For this exercise, print the records below verbatim.

<<<<

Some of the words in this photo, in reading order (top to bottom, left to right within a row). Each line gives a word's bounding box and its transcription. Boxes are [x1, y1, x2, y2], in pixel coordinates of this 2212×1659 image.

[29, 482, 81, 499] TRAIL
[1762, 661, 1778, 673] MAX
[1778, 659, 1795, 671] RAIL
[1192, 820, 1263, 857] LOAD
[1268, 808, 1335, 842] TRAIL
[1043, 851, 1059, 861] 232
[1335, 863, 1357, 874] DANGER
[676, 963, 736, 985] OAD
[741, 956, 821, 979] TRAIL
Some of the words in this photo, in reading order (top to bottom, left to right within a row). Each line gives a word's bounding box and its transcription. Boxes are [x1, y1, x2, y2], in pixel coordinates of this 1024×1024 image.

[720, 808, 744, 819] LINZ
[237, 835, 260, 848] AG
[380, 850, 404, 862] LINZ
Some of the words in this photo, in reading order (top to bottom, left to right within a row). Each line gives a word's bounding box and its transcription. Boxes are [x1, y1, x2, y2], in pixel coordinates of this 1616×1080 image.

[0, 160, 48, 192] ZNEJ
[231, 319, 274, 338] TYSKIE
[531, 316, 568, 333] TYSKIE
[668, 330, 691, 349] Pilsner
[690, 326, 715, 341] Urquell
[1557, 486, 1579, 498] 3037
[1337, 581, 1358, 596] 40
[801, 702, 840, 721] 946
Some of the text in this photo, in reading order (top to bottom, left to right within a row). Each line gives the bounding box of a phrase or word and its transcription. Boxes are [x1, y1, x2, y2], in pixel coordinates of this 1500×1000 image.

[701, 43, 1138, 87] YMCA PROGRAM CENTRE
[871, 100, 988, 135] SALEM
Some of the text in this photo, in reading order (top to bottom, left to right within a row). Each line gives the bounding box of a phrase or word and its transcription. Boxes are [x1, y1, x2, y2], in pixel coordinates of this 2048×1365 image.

>>>>

**OUTPUT FOR THIS TASK**
Some of the words in this photo, in reading order (top to bottom, left to right within a row). Each line gives a word's bounding box and its transcription. Boxes are [x1, y1, x2, y2], in pixel coordinates of this 2212×1659 image.

[29, 482, 81, 499] TRAIL
[1762, 661, 1778, 673] MAX
[1778, 659, 1795, 671] RAIL
[1192, 820, 1263, 857] LOAD
[1268, 808, 1335, 842] TRAIL
[1043, 851, 1059, 861] 232
[1335, 863, 1357, 874] DANGER
[676, 963, 736, 985] OAD
[741, 956, 821, 979] TRAIL
Some of the words in this photo, in reading order (top to bottom, left to right within a row). Each line gives a word's bounding box and its transcription. Boxes are [x1, y1, x2, y2], in pixel coordinates of this 1024×1024 image.

[720, 808, 744, 819] LINZ
[237, 835, 260, 848] AG
[380, 850, 404, 862] LINZ
Some of the words in this photo, in reading order (top to bottom, left to right within a row). Each line gives a word's bounding box and its transcription. Boxes are [x1, y1, x2, y2], in pixel coordinates of this 1616×1080 image.

[0, 160, 48, 192] ZNEJ
[231, 319, 274, 338] TYSKIE
[531, 316, 568, 333] TYSKIE
[668, 330, 691, 349] Pilsner
[690, 326, 715, 341] Urquell
[1557, 486, 1579, 498] 3037
[1337, 581, 1358, 596] 40
[801, 702, 840, 721] 946
Some of the text in this photo, in reading order (top to bottom, left to right within a row). Each line gives the bounding box of a phrase or word and its transcription. Boxes are [x1, y1, x2, y2], in pixel coordinates of this 1500×1000 image.

[701, 43, 1138, 87] YMCA PROGRAM CENTRE
[871, 100, 988, 135] SALEM
Some of the text in this photo, in reading order (top to bottom, left to right within a row). Each line gives the bounding box of a phrase or word and its transcription. Boxes are [x1, y1, x2, y2], in pixel coordinates of this 2048×1365 image.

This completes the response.